[Records for the task Boundary: Start]

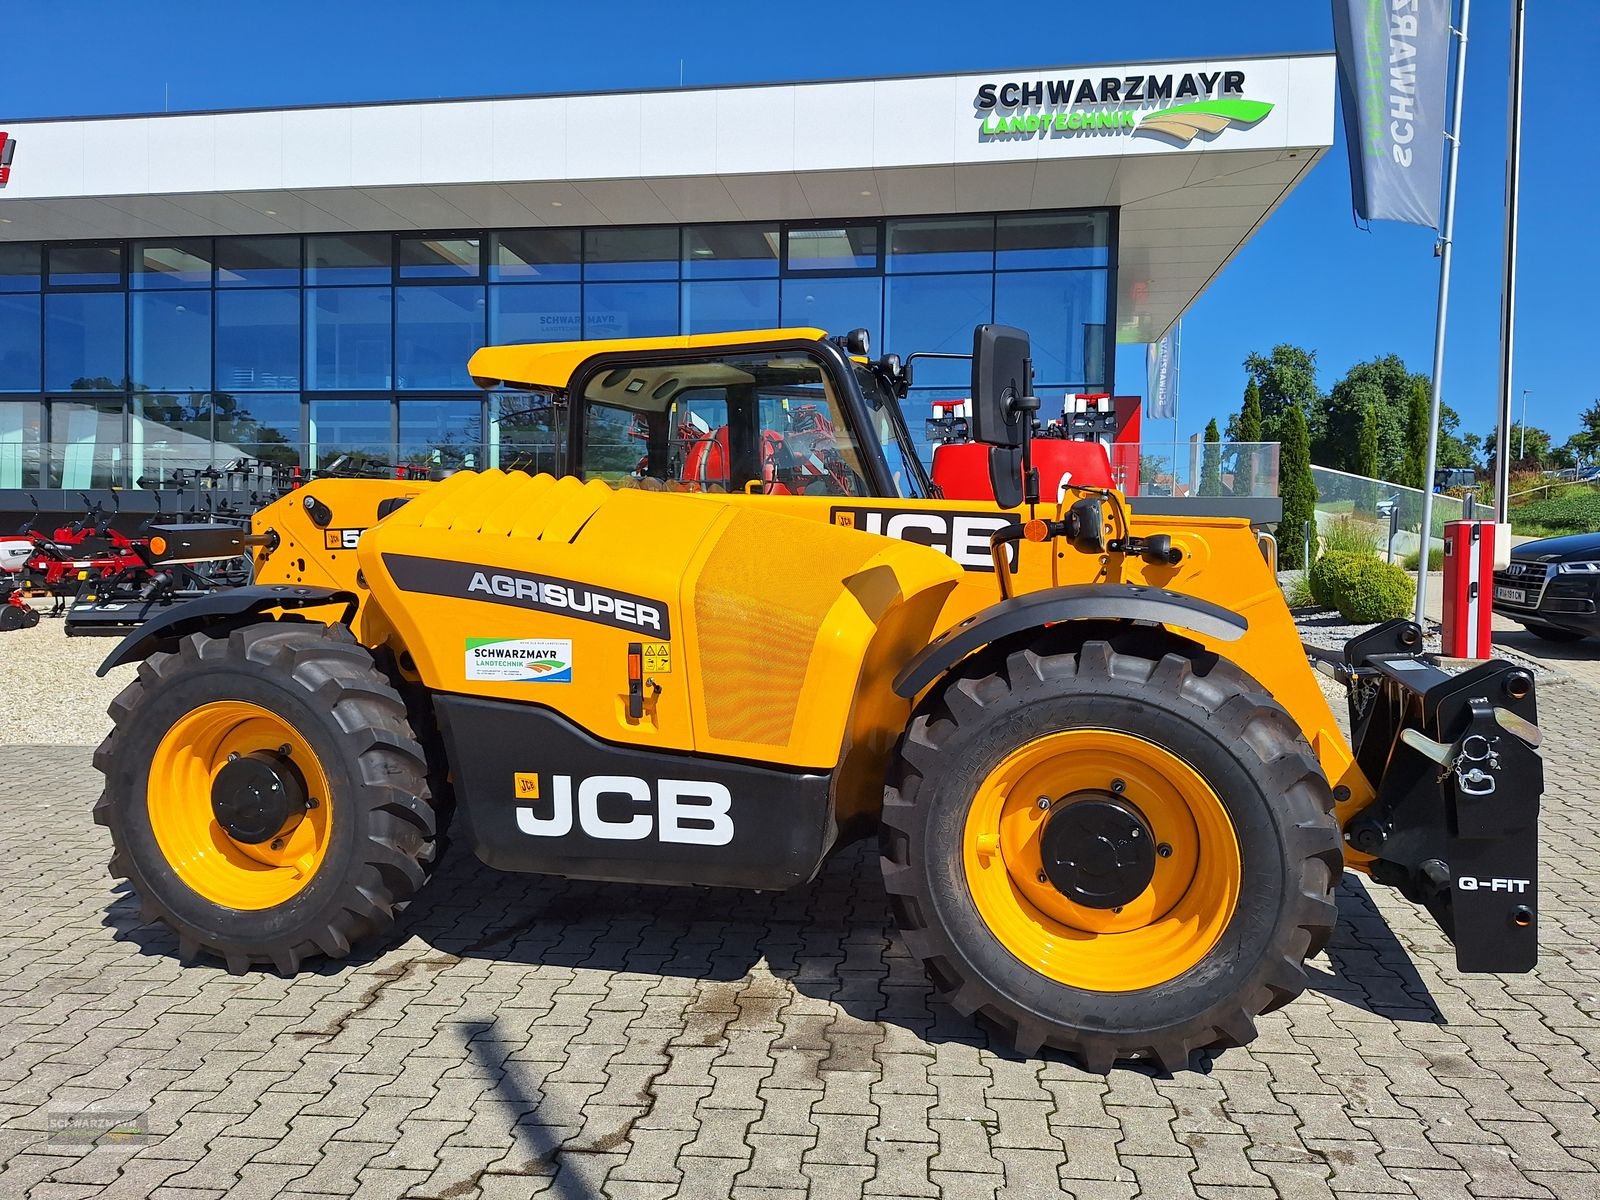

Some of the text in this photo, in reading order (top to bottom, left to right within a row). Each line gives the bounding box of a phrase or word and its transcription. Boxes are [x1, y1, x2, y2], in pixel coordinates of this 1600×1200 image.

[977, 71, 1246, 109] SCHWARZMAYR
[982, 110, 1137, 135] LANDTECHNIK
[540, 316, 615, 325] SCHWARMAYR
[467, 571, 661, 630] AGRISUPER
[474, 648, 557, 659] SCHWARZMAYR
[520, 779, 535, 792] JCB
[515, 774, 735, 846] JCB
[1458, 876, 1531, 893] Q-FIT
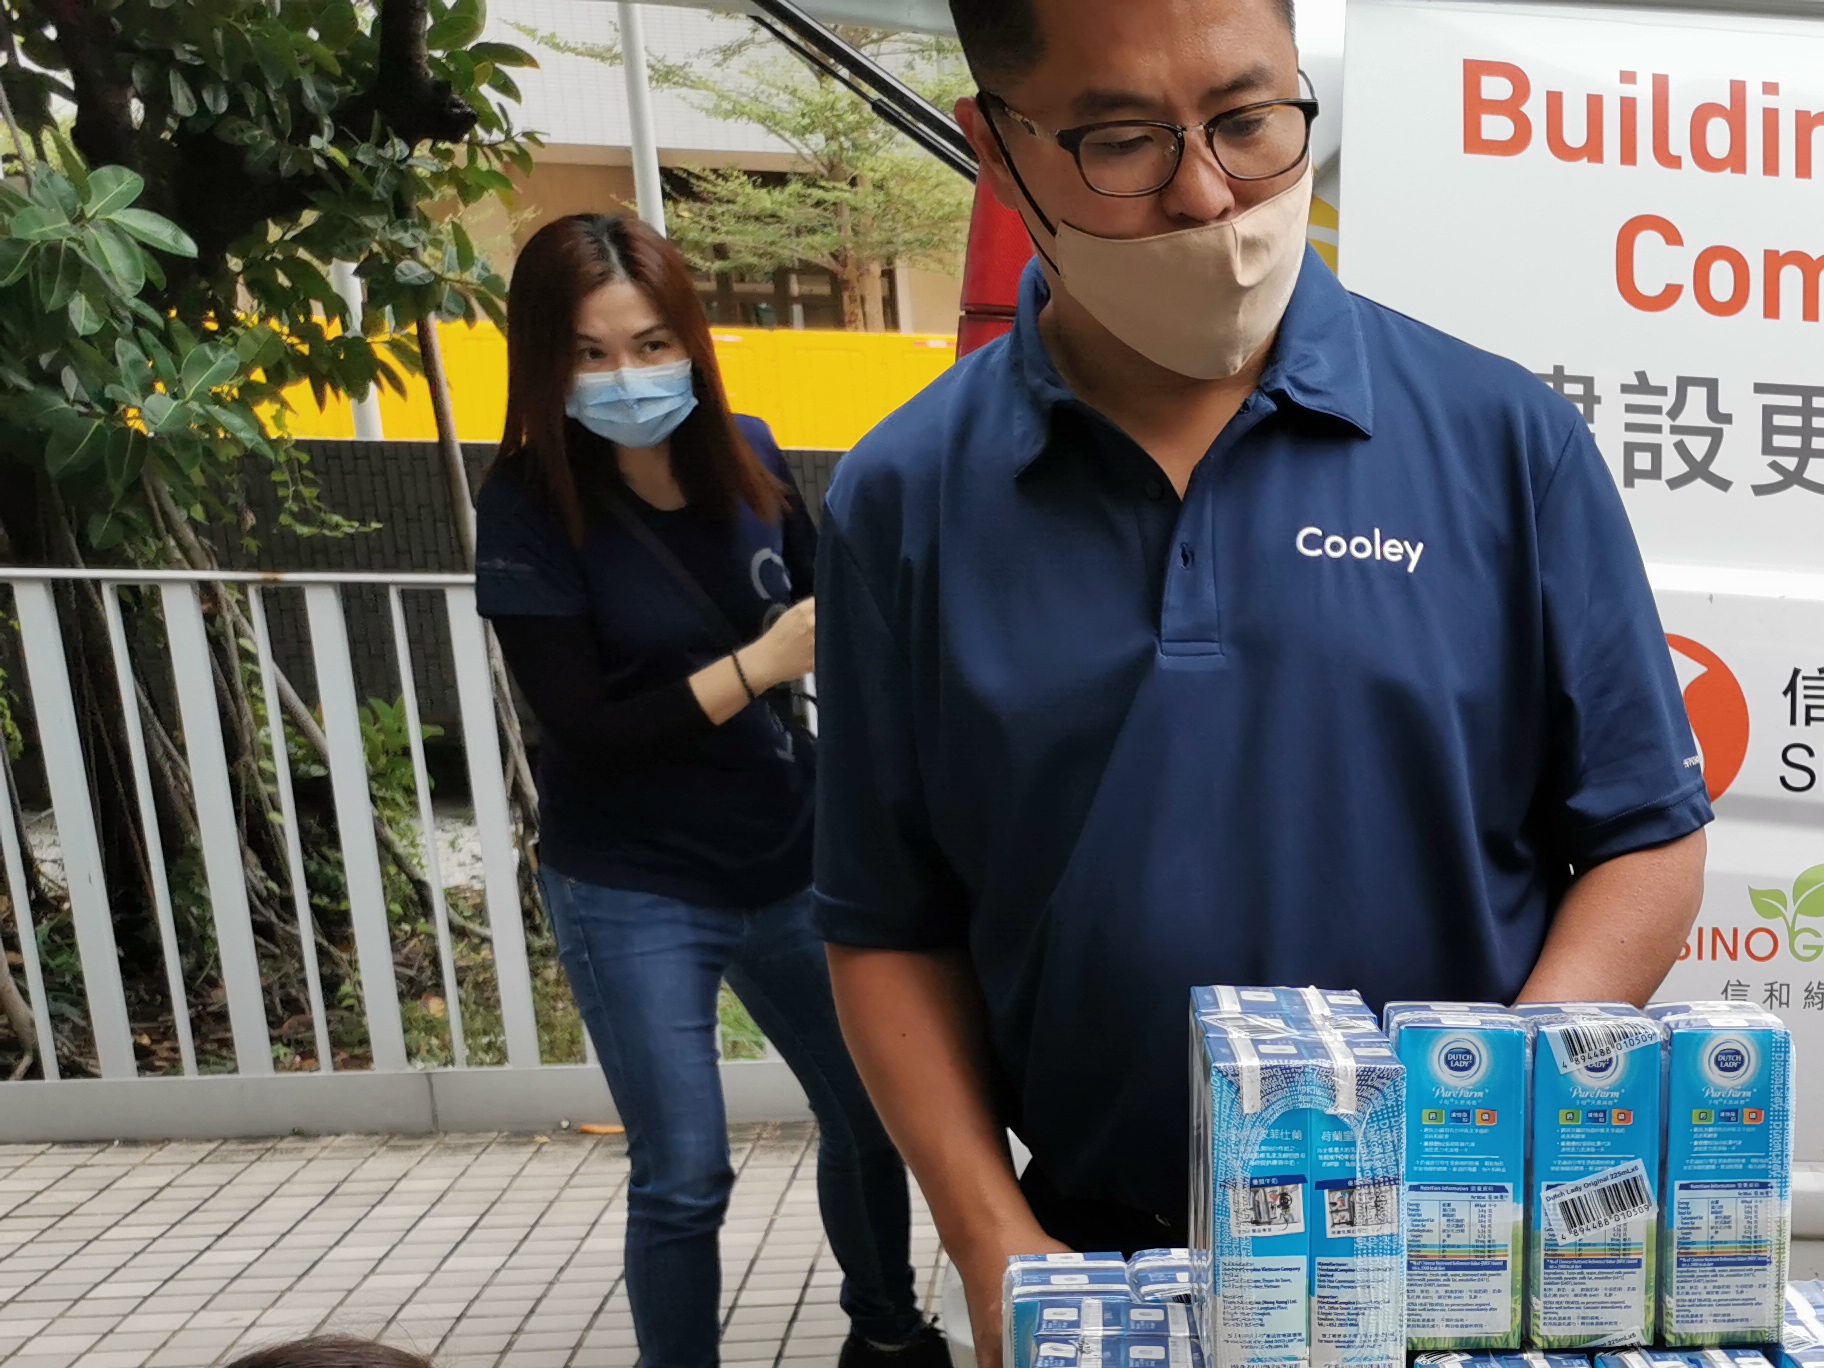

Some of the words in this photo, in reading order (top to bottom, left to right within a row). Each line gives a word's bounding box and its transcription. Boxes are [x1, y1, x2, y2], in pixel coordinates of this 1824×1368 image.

[Records for the task Boundary: End]

• **Exercise**
Please return the whole listing exactly. Do not copy its images.

• **Response to this task**
Some of the text in this photo, in reading order (top to bottom, left to right within a row). Each line gives the bounding box of a phrase or word and its transcription. Boxes are [x1, y1, x2, y2], in pixel coordinates of this 1600×1200 image.

[977, 71, 1246, 109] SCHWARZMAYR
[982, 110, 1137, 135] LANDTECHNIK
[540, 316, 615, 325] SCHWARMAYR
[467, 571, 661, 630] AGRISUPER
[474, 648, 557, 659] SCHWARZMAYR
[520, 779, 535, 792] JCB
[515, 774, 735, 846] JCB
[1458, 876, 1531, 893] Q-FIT

Some of the words in this photo, in reading order (top to bottom, left to right within a row). Each line gives a word's bounding box and its transcription. Boxes are [x1, y1, x2, y2], in pixel coordinates of this 1824×1368 image.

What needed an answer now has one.